(Stored data)

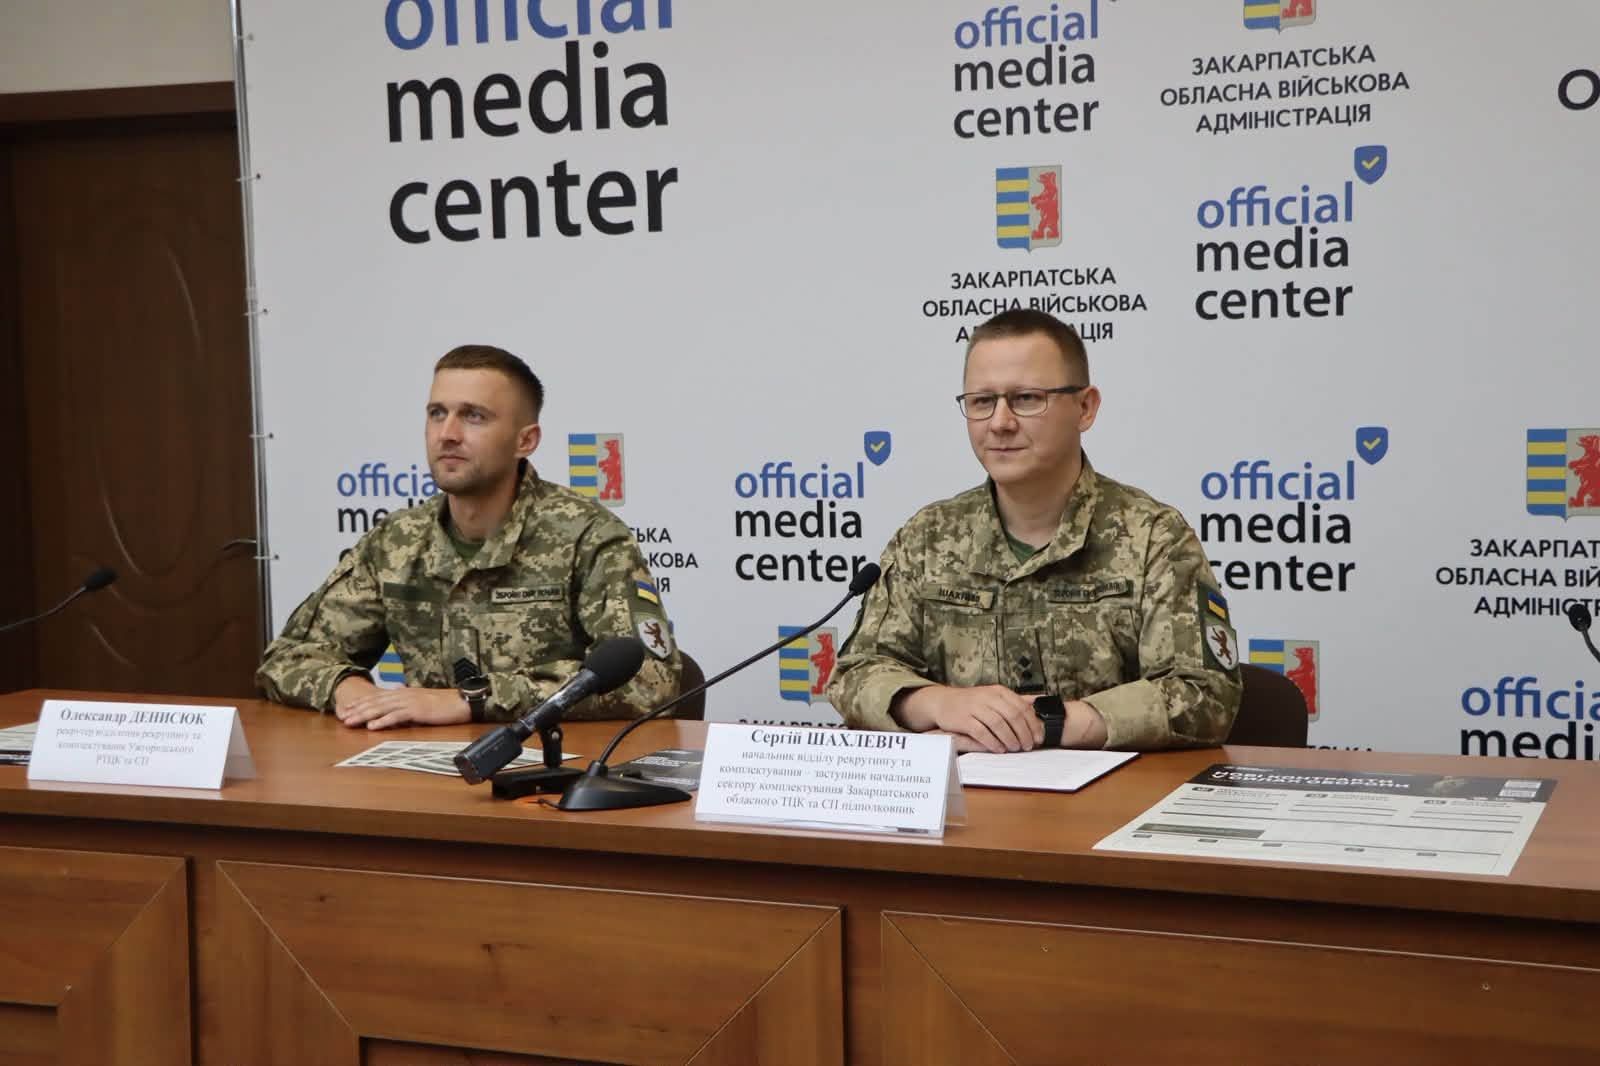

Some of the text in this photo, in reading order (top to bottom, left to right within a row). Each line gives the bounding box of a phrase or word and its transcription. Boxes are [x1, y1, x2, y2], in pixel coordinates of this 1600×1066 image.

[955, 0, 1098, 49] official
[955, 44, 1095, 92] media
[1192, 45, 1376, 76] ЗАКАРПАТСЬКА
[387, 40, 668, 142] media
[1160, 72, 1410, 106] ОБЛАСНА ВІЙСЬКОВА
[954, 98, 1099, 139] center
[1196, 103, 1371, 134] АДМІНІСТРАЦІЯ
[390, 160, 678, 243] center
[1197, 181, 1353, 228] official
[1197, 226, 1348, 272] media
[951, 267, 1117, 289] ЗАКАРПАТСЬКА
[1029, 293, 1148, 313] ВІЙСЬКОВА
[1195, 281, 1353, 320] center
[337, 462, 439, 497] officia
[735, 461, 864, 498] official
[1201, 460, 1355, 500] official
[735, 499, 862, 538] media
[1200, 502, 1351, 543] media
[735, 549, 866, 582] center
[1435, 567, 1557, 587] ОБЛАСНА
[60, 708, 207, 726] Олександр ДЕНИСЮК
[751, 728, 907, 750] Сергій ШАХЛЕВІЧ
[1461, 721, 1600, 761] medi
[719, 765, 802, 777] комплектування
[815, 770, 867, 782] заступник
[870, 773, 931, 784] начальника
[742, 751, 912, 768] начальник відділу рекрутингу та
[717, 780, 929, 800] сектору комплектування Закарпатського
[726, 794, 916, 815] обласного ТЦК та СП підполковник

(End Stored data)

◆ What the task asks: The data shown above must be printed again exactly, with no images included.

◆ Solved exercise:
Some of the text in this photo, in reading order (top to bottom, left to right within a row). Each line gives the bounding box of a phrase or word and its transcription. Boxes are [x1, y1, x2, y2], in pixel coordinates of this 1600×1066 image.

[955, 0, 1098, 49] official
[955, 44, 1095, 92] media
[1192, 45, 1376, 76] ЗАКАРПАТСЬКА
[387, 40, 668, 142] media
[1160, 72, 1410, 106] ОБЛАСНА ВІЙСЬКОВА
[954, 98, 1099, 139] center
[1196, 103, 1371, 134] АДМІНІСТРАЦІЯ
[390, 160, 678, 243] center
[1197, 181, 1353, 228] official
[1197, 226, 1348, 272] media
[951, 267, 1117, 289] ЗАКАРПАТСЬКА
[1029, 293, 1148, 313] ВІЙСЬКОВА
[1195, 281, 1353, 320] center
[337, 462, 439, 497] officia
[735, 461, 864, 498] official
[1201, 460, 1355, 500] official
[735, 499, 862, 538] media
[1200, 502, 1351, 543] media
[735, 549, 866, 582] center
[1435, 567, 1557, 587] ОБЛАСНА
[60, 708, 207, 726] Олександр ДЕНИСЮК
[751, 728, 907, 750] Сергій ШАХЛЕВІЧ
[1461, 721, 1600, 761] medi
[719, 765, 802, 777] комплектування
[815, 770, 867, 782] заступник
[870, 773, 931, 784] начальника
[742, 751, 912, 768] начальник відділу рекрутингу та
[717, 780, 929, 800] сектору комплектування Закарпатського
[726, 794, 916, 815] обласного ТЦК та СП підполковник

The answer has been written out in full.